Porte-parole de la Confédération paysanne de Savoie, Thierry Bonnamour sera jugé aujourd'hui à Amiens suite à l'action contre la ferme-usine dite des 1000 vaches. Un projet qu'il considère aberrant.

Sortir un fait de son contexte peut lui faire dire tout et son contraire. Une des fonctions de la justice est de restituer le contexte pour juger des mobiles des faits. Nous mettre en cause pour vol aggravé ou recel de vol, c'est comme si une personne, placée au pied d'une falaise, dit voir un mur alors qu'il s'agit d'une chaîne de montagne. Il est évident que les actions syndicales du mercredi 28 mai 2014 dépassent de loin la relation entre Mr Michel Romery et nous-mêmes. En fait, l'acte syndical posé le mercredi 28 est un acte politique, un acte d'interpellation des citoyens.
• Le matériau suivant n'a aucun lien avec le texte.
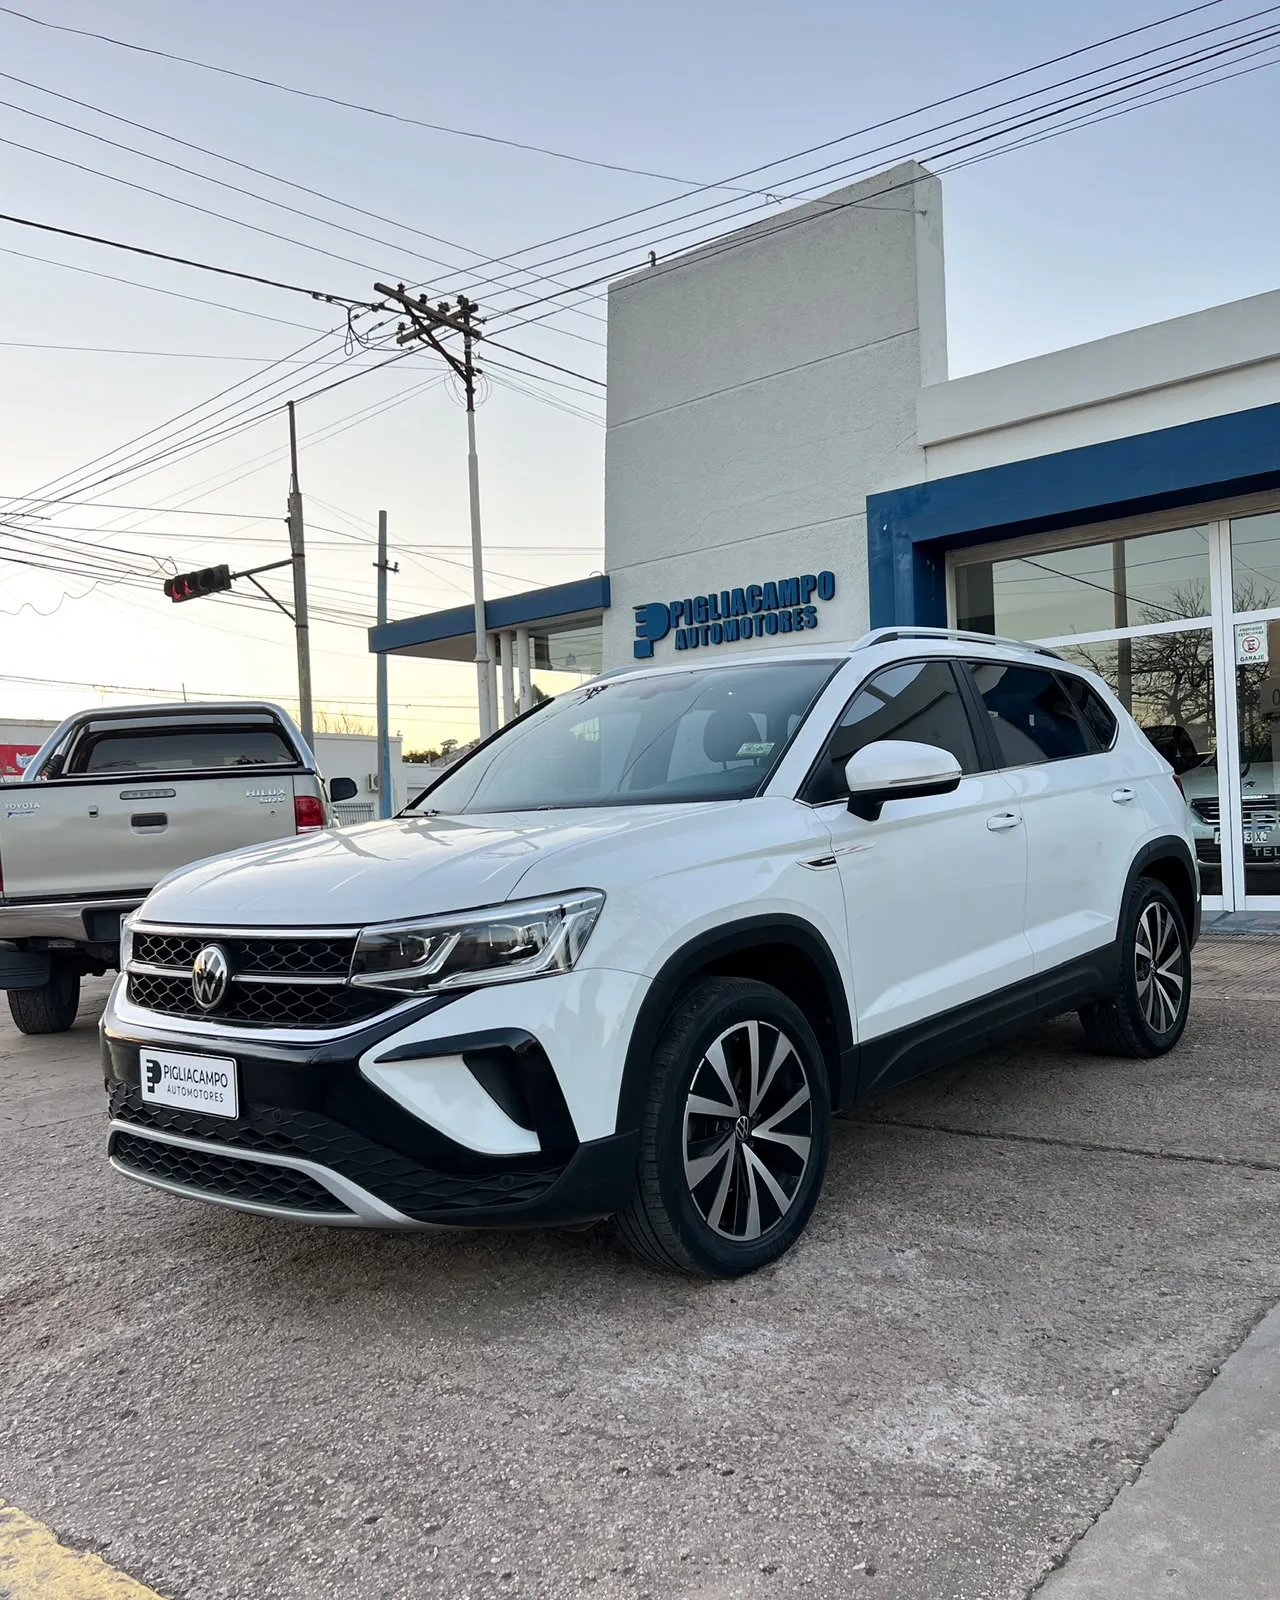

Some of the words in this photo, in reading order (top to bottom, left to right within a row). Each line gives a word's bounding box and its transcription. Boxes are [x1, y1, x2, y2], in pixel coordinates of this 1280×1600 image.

[669, 570, 836, 628] PIGLIACAMPO
[674, 605, 818, 651] AUTOMOTORES
[1240, 654, 1265, 663] GARAJE
[246, 787, 287, 796] HILUX
[5, 802, 41, 811] TOYOTA
[163, 1064, 228, 1088] PIGLIACAMPO
[167, 1084, 224, 1103] AUTOMOTORES
En effet, aujourd'hui, nous sommes à un tournant de notre histoire nationale. La France est de part le monde entier le pays de l'excellence gastronomique. La France, dont la cuisine est inscrite au patrimoine culturel immatériel de l'Humanité, doit se prononcer sur l'avenir d'un pilier de son identité culturelle.

Le projet de société de demain ?

Chaque année, le salon international de l'agriculture de Paris est la vitrine mondiale de cette identité. Tout le savoir-faire paysan de chaque petit coin de France y est exposé, l'ingouvernable aux 300 fromages. Si le choix de la France est d'industrialiser et de standardiser son agriculture, ce salon deviendra un musée, des pans entier de notre économie en pâtiront. Notamment le tourisme, l'hôtellerie, la restauration, les campings souffriront des paysages monotones, et l'attrait de leurs produits typiques disparaîtra petit à petit.
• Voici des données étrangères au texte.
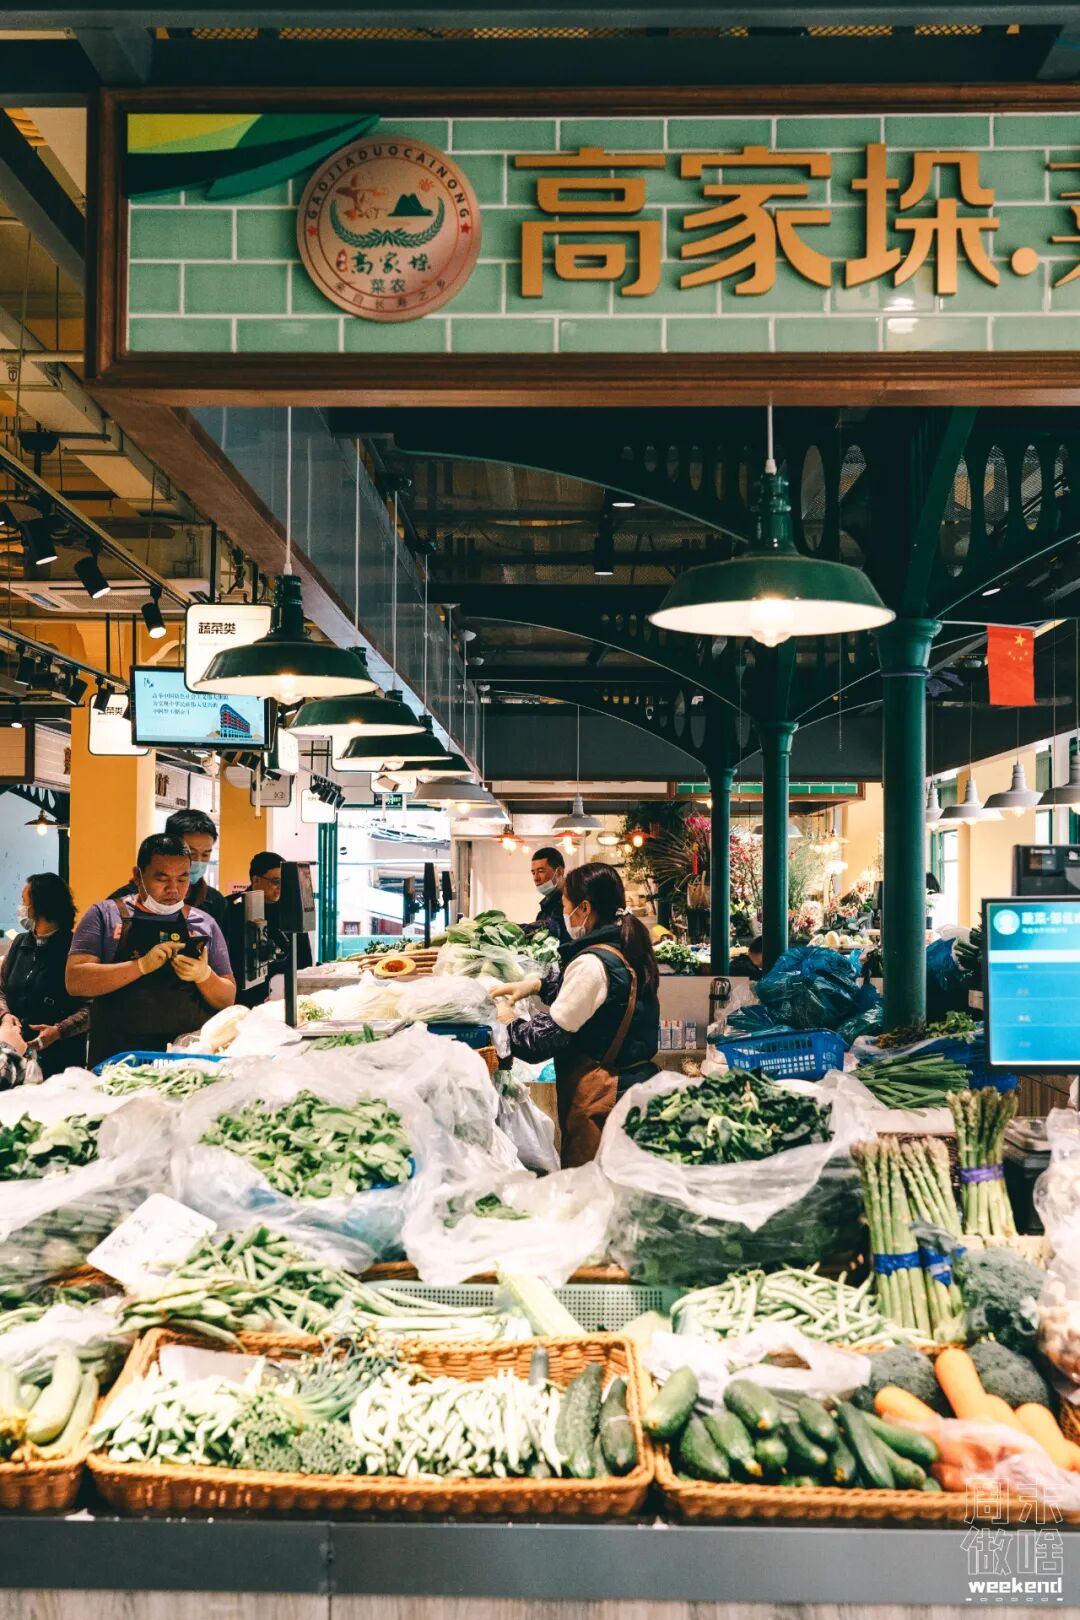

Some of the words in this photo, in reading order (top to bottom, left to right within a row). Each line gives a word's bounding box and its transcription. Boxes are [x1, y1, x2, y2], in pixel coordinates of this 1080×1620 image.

[307, 145, 470, 220] GAOJIADUOCAINONG
[514, 143, 1080, 298] 高家垛·
[370, 278, 406, 293] 菜农
[198, 622, 236, 635] 蔬菜类
[98, 706, 123, 716] 菜类
Avec la puissance et la rapidité des machines actuelles, il se peut que dans 10 ans, avec le papy boom et le changement de génération d'agriculteurs, les Français ne reconnaissent plus leur pays avec des usines à vaches à la place des fermes.

Aujourd'hui, les actifs agricoles représentent 3% de la population. Par rapport à il y a 50-60 ans, c'est l'hécatombe ! Avec des usines à 1000 vaches ou plus, ce sera leur anéantissement ! Est-ce le projet des français de vider les campagne de leur population ? Est-ce que les Français souhaitent s'amasser dans les grosses villes ? Est-ce que c'est ça le projet de société de demain : des villes surpeuplées et des campagnes désertes ?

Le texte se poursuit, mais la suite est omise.